La Comisión de Comunicaciones y Multimedia de Malasia ordenó una restricción temporal del acceso a la inteligencia artificial Grok.
La expansión acelerada de la inteligencia artificial generativa enfrenta un nuevo freno regulatorio. Malasia suspendió de manera inmediata el acceso al chatbot Grok, integrado en la red social X, propiedad de Elon Musk, luego de que el regulador tecnológico confirmara que la herramienta podía generar imágenes p*rnográficas y s*xualizar a mujeres y menores de edad mediante simples instrucciones de texto.
La medida, anunciada este domingo por la Comisión de Comunicaciones y Multimedia de Malasia (MCMC), coloca al país asiático entre los gobiernos que ya actúan con firmeza ante los riesgos del uso indebido de la IA, especialmente cuando involucra contenido s*xual no consensuado y explotación infantil digital.

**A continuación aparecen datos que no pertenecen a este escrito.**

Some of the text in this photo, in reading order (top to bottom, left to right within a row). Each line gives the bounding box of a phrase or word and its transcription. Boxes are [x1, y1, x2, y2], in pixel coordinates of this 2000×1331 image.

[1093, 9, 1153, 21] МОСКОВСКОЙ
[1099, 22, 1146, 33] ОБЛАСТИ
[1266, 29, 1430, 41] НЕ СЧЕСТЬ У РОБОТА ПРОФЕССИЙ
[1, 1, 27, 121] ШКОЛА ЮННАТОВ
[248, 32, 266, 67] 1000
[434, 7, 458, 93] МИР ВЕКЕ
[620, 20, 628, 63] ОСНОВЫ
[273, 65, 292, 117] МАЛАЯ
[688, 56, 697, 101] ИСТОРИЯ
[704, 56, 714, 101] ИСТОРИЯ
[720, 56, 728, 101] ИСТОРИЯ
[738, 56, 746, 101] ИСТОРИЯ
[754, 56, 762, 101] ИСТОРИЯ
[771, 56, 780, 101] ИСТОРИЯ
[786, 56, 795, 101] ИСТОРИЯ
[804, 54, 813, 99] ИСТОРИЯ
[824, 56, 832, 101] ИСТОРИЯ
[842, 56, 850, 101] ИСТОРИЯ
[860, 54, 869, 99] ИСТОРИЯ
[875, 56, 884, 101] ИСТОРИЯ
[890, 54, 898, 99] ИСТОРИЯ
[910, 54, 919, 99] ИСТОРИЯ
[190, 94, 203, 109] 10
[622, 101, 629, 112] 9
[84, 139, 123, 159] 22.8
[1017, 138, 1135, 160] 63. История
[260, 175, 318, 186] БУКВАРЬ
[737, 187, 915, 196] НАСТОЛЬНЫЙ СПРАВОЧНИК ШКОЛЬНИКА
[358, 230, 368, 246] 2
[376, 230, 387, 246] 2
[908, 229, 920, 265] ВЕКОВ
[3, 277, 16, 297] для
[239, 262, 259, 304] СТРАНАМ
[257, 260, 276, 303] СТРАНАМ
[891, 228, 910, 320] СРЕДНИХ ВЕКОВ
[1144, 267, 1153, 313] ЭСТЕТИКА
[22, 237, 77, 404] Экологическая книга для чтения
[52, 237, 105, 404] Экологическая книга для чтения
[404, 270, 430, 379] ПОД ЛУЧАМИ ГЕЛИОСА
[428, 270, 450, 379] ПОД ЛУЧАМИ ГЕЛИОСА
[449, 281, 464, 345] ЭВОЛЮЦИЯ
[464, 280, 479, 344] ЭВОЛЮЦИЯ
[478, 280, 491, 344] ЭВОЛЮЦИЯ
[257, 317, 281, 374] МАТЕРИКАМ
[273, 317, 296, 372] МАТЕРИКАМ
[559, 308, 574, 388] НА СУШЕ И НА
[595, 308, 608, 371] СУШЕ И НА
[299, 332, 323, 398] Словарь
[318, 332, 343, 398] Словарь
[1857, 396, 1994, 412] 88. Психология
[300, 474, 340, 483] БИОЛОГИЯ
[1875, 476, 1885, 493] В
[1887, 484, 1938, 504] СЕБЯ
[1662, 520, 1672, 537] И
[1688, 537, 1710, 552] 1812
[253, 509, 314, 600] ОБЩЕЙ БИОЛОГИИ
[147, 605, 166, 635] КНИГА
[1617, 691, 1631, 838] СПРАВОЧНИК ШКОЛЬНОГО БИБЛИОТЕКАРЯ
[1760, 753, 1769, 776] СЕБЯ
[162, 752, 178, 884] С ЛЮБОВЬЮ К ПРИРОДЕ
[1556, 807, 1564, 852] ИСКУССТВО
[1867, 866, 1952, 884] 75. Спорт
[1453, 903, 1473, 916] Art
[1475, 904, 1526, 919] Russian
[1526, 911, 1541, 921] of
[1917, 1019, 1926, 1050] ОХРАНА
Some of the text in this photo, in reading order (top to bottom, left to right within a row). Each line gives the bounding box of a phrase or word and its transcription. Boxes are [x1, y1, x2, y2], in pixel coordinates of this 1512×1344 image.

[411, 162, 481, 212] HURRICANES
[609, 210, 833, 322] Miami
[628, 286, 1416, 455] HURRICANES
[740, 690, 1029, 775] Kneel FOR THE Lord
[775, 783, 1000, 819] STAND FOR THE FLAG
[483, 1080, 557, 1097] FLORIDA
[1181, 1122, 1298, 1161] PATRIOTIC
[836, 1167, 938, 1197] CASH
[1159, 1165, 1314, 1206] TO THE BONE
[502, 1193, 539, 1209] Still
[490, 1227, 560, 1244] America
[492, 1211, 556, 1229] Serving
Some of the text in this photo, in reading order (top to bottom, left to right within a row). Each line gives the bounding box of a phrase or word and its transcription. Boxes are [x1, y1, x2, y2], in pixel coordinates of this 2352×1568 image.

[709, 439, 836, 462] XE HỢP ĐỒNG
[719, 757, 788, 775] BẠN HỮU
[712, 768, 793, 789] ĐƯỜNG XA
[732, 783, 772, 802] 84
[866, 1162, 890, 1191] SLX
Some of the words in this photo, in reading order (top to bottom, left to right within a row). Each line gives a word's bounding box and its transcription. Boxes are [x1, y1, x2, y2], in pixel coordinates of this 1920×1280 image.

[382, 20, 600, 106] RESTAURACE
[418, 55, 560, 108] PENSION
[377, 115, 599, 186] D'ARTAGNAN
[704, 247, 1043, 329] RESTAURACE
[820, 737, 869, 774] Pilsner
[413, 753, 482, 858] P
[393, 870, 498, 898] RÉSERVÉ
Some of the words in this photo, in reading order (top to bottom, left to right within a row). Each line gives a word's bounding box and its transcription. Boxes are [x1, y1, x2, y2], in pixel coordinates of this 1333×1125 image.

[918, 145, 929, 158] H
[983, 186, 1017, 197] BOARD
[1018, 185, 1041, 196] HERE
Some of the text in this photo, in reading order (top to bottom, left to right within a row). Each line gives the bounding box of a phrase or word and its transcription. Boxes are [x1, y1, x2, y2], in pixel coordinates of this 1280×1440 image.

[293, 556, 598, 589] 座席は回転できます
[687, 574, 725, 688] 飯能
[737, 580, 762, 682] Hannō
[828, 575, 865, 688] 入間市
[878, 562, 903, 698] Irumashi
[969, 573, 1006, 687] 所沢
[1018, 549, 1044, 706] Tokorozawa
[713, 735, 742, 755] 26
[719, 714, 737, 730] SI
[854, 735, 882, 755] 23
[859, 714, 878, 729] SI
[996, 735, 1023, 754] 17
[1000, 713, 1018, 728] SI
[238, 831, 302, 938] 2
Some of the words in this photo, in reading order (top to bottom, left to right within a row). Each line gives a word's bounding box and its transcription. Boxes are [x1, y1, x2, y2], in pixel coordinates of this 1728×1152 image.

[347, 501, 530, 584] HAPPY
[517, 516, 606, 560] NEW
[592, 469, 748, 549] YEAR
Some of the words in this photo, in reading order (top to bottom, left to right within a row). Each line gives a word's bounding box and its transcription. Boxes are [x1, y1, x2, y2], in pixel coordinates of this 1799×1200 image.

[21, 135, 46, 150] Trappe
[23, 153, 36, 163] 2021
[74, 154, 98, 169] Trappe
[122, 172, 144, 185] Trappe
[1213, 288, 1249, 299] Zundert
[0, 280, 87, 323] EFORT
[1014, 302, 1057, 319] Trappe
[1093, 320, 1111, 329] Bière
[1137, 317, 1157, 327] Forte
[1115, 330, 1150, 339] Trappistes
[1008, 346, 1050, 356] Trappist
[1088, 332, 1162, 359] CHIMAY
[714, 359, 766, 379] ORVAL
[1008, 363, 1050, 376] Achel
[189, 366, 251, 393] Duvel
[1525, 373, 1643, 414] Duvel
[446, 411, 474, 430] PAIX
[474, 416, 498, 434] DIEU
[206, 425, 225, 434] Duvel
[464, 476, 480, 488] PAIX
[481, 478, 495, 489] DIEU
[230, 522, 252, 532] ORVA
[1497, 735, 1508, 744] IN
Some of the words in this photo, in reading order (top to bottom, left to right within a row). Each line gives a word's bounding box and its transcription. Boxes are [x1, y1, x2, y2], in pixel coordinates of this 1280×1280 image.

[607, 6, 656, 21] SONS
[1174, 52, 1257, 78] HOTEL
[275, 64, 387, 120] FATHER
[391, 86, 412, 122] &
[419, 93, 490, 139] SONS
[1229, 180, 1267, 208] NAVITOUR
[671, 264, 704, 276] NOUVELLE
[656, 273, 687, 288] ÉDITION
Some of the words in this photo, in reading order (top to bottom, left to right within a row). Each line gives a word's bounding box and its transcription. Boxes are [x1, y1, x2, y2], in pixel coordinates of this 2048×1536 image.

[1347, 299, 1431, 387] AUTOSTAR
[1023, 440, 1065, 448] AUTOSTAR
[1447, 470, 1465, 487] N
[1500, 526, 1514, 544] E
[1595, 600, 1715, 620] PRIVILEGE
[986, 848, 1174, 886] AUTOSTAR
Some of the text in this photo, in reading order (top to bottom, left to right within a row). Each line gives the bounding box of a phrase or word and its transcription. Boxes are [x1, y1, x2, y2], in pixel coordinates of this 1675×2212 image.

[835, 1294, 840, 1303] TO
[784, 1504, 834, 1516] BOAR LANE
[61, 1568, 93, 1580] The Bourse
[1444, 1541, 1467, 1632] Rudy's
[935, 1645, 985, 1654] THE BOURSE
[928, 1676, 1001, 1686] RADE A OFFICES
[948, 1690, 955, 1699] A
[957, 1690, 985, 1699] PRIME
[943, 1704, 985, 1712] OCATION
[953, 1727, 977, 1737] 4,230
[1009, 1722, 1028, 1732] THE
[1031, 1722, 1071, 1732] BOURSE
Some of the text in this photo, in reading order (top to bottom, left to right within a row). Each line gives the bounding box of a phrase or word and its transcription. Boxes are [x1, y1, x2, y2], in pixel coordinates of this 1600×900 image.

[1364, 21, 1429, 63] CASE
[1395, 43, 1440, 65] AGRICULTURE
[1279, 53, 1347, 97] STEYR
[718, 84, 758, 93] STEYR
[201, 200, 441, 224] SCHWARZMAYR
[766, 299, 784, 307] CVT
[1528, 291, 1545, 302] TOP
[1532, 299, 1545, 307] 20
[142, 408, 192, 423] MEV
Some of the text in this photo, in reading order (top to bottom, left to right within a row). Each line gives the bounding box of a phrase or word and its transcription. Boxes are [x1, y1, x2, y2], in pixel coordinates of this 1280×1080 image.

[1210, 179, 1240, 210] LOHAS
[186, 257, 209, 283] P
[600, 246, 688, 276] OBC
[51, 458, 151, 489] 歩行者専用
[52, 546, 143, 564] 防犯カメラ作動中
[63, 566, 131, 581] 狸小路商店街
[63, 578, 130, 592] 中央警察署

Por qué Malasia decidió suspender Grok
En un comunicado oficial, la MCMC informó que ordenó una restricción temporal del acceso a la inteligencia artificial Grok con efecto inmediato, tras detectar un uso reiterado para generar imágenes manipuladas obscenas, s*xualmente explícitas, indecentes y groseramente ofensivas.
Según el regulador, la función de creación de imágenes con IA permitía s*xualizar fotografías de mujeres y niños, un hallazgo que activó alertas sobre violaciones a la ley de contenidos en línea, protección de menores y derechos digitales.
Esta decisión se produce apenas un día después de que Indonesia se convirtiera en el primer país en bloquear oficialmente Grok, marcando un precedente regional en el sudeste asiático frente a las plataformas de IA integrada en redes sociales.
Grok bajo la lupa internacional
Aunque Grok había estado limitado a suscriptores de pago en varios países, los reguladores consideran que esa restricción no impide la difusión masiva de contenido ilegal, especialmente cuando las imágenes generadas pueden compartirse de forma viral en X.
Expertos en seguridad digital y gobernanza de IA advierten que el caso Grok evidencia una brecha crítica: la velocidad de despliegue de herramientas de IA supera la capacidad de control y moderación de las plataformas.
El conflicto se extiende al Reino Unido
La polémica escaló cuando Elon Musk acusó al gobierno del Reino Unido de actuar de manera “fascista”, luego de que las autoridades británicas intensificaran la presión para bloquear imágenes s*xualizadas presuntamente generadas por IA y difundidas en X.
Desde Londres, organismos encargados de identificar contenidos ilegales en línea informaron haber detectado imágenes s*xualizadas de niñas de entre 11 y 13 años, algunas de ellas localizadas incluso en la web oscura, que habrían sido generadas con herramientas asociadas a Grok.
La Internet Watch Foundation advirtió que parte de este material viola los umbrales legales más graves, lo que obliga a la intervención de fuerzas de seguridad y refuerza la exigencia de acciones urgentes contra la explotación infantil digital.
El primer ministro británico, Keir Starmer, prometió acelerar medidas contra este fenómeno y exigió a X controles más estrictos y efectivos. En la misma línea, la secretaria de Tecnología, Lisa Kendall, advirtió que el gobierno podría bloquear servicios completos en el Reino Unido si las empresas no cumplen la legislación vigente.
Este escenario coloca a Grok y a X en una zona de alto riesgo regulatorio, donde las sanciones podrían escalar desde bloqueos parciales hasta restricciones totales de operación.
Impacto en Estados Unidos y tensión con la Casa Blanca
El conflicto también genera ruido político en Estados Unidos. Elon Musk enfrenta el riesgo de tensar aún más su relación con la administración de Donald J. Trump, que ya había expresado preocupación por el uso de inteligencia artificial para producir contenido ilegal.
De acuerdo con información oficial, el vicepresidente JD Vance abordó el tema recientemente en Washington, subrayando la inquietud por la falta de salvaguardas robustas en herramientas de IA generativa.
Aunque Musk reconoció públicamente que el problema es “grave” y dijo estar preocupado por el uso indebido de imágenes, insistió en que las presiones gubernamentales representan, a su juicio, un avance excesivo del Estado sobre la libertad de expresión.
Punto de inflexión en el debate
El bloqueo de Grok en Malasia e Indonesia marca un punto de inflexión en el debate internacional sobre regulación de la inteligencia artificial, libertad de expresión y protección de menores en entornos digitales. Gobiernos, plataformas tecnológicas y organizaciones civiles coinciden en un punto: la IA generativa ya no es un tema futurista, sino un desafío urgente de seguridad, ética y derechos humanos.
Mientras tanto, X y Grok enfrentan un escenario cada vez más complejo, con presión regulatoria simultánea en Asia, Europa y Estados Unidos, que podría redefinir el futuro de la IA en redes sociales.